The authors’ hypothesis is that previous studies supporting or rejecting an association between MMR and autism have failed to take differences in acetaminophen use between the case and control groups (at around the time of MMR) into account. While this is a reasonable hypothesis, the design chosen to investigate it is inadequate, as it does not allow separate analyses of the roles of acetaminophen and MMR. Nonetheless, the study allows one hypothesis to be examined in part. It is possible that acetaminophen use is neither necessary nor sufficient to cause autism, but that its use in a relevant time-frame acts as a marker for children who are at risk of adverse response to MMR; this leads to some testable predictions.

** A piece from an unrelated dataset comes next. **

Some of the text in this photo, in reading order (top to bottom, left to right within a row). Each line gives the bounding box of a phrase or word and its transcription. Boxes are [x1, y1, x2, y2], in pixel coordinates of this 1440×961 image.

The first is that children with autism are at greater risk of side-effects following MMR. The second is that at least some such side-effects might be responsive to therapeutic doses of acetaminophen. A third prediction is that if adverse response to MMR is associated with general ill health (as one might expect from experience of these children), and if MMR-adverse response is the ‘real’ causal factor in any observed association with autism, then general ill health prior to MMR will also be associated with autism. Finally, as children whose autism is apparently associated with MMR tend to have a later/regressive onset after a period of normal development, it might predict that the effect of acetaminophen as a marker of increased risk would be particularly strong in children with regressive onset. All of these predictions are supported by the data. The authors found that children with autism had significantly more post-MMR sequelae than controls, and that some such responses are likely to prompt acetaminophen use. There were higher levels of illness prior to MMR in children with autism, and the consequent risk of acetaminophen use was particularly high in the regressive group.

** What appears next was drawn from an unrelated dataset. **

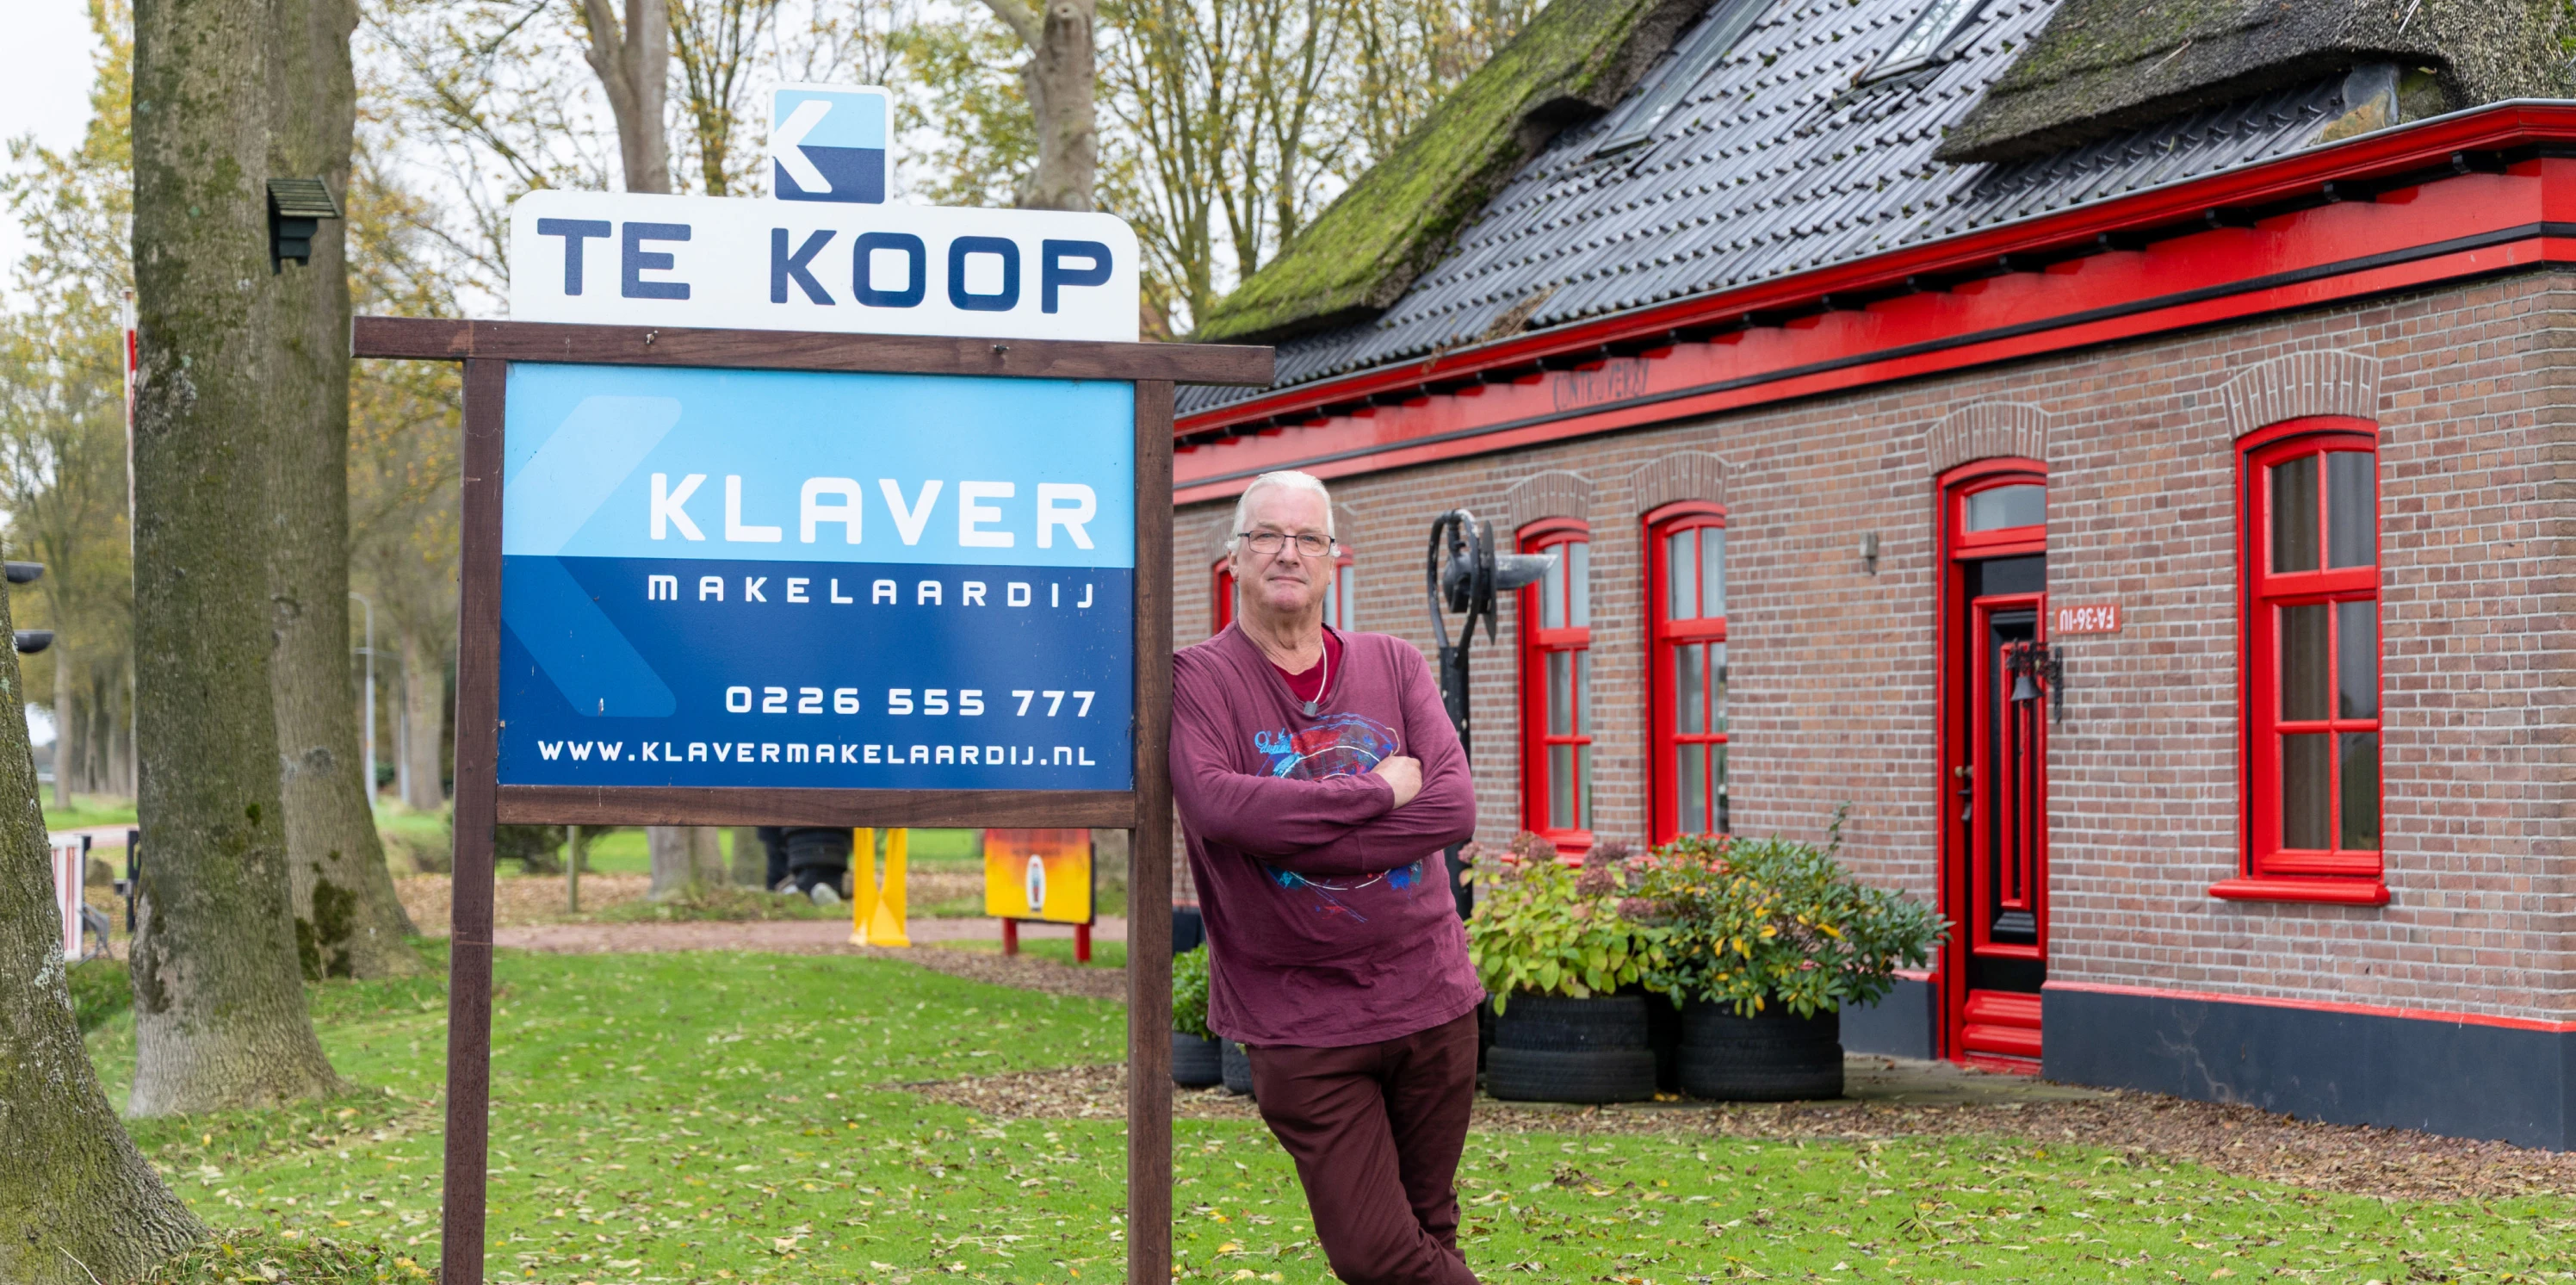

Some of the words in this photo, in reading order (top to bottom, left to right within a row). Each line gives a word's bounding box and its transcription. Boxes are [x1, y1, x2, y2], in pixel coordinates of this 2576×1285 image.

Two issues argue against a role for acetaminophen use as a marker of MMR adverse response: low risk associated with ibuprofen use appears to indicate a specific association with acetaminophen, rather than adverse response to MMR per se, however, overall numbers of ibuprofen use were too small to draw conclusions about this. Additionally, when the analysis was confined to children who suffered an adverse reaction, the likelihood of acetaminophen use was even higher than in the full sample. Again, this suggests that adverse response alone is not a sufficient predictor of autism. However, there may be differences in the severity or duration of the reaction between cases and controls – e.g. the worse the MMR reaction, the greater the chances of acetaminophen use, which would explain both the differences in acetaminophen use and in autism risk between the groups.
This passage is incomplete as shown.